France stood up and put his hand on America's shoulder. "Our governments are watching this war very closely, and they are itching for a chance to take another shot at England, but they can't declare war unless you can show you have even the smallest hope of winning.
"Wh-what do I have to do to show that?" America asked.
Spain replied. "Win a decisive battle."
"And killing drunken Hessians in their sleep on Christmas doesn't count." France continued, "It has to be a real battle, on a real battlefield."

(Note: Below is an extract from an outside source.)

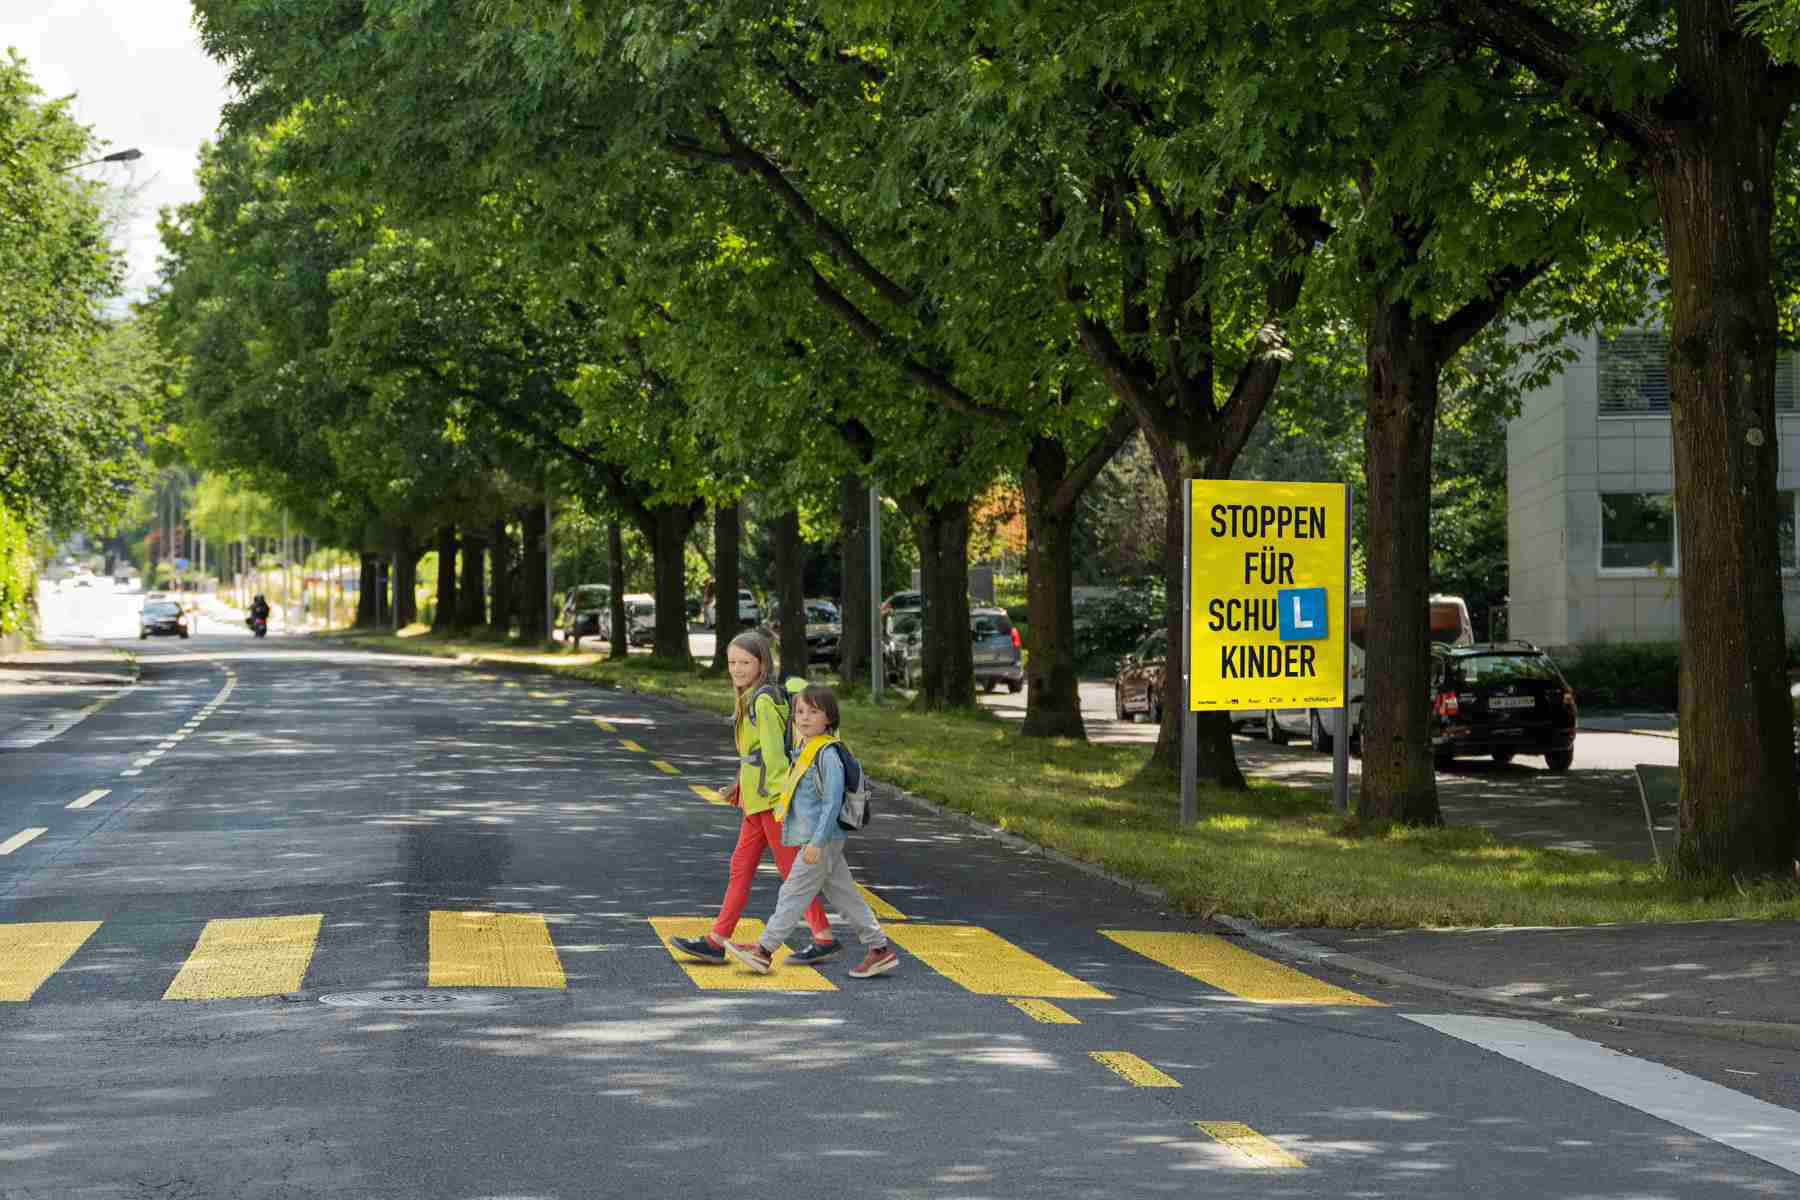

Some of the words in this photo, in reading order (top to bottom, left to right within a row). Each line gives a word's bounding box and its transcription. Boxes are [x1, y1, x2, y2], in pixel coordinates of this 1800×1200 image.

[1210, 504, 1326, 539] STOPPEN
[1245, 546, 1295, 585] FÜR
[1221, 645, 1316, 679] KINDER

America's face fell, "Oh, most of Washington's army is made up of young men like me; they don't know how to fight like England does. They can do all 184 steps of the Manual of Arms in their sleep."
"They're professional soldiers, that's all they have to do. If your army wasn't made up of farmers and shop apprentices and could spend all day every day drilling they would also be a professional army." France said.
"We can help there too." Spain smiled. "I've seen to it that someone will be coming from Prussia to train Washington's men."
"Really?" America felt like smiling for what seemed like the first time in ages.
"Yes, he's one of the best; he'll whip the continental army into shape." France said, "Just as a precaution though, try not to spend too much time alone with him." Spain looked from France to America and nodded with a far too cheery expression.
America stood up, scratching the back of his head. He gave a shy smile to both countries and said, "Thank you both, for the food and the lesson."
"De nada." Spain said.
"You have a lot to learn America, but in time I think you will make a fine country." France said.
America looked at both of them and asked, "Do you have to leave soon? Can you stay for a while? I get lonely here being by myself." He admitted, blushing.
"We can stay for a short while, I believe. L'Espagne, do you have any pressing business?
"I think an extended visit with América would be very nice." Spain agreed.
"Great!" America exclaimed with youthful exuberance.
"It will give us a chance to continue your education." France added, "And now that 30,000 of them infest the place, I think this would be a good time to teach you about the Germanies."
~*~*~*~*~*~*~*~*~*~*~*~*~*~*~*~*~*~*~*~*~*~*~*~*~*~*~*~*~*~*~*~*~*~*~
Author's Note: The Battle of Quebec in the winter of 1775 was incredibly tragic for the Americans. They continued to send delegations to Canada to try and convince them to join in their struggle, but Canada wasn't interested at all. Montgomery's body wasn't found until the following spring when the snow melted.
My inspiration for America's 'education' came from a very funny book, The Boomer Bible. As always, hope you enjoy reading this!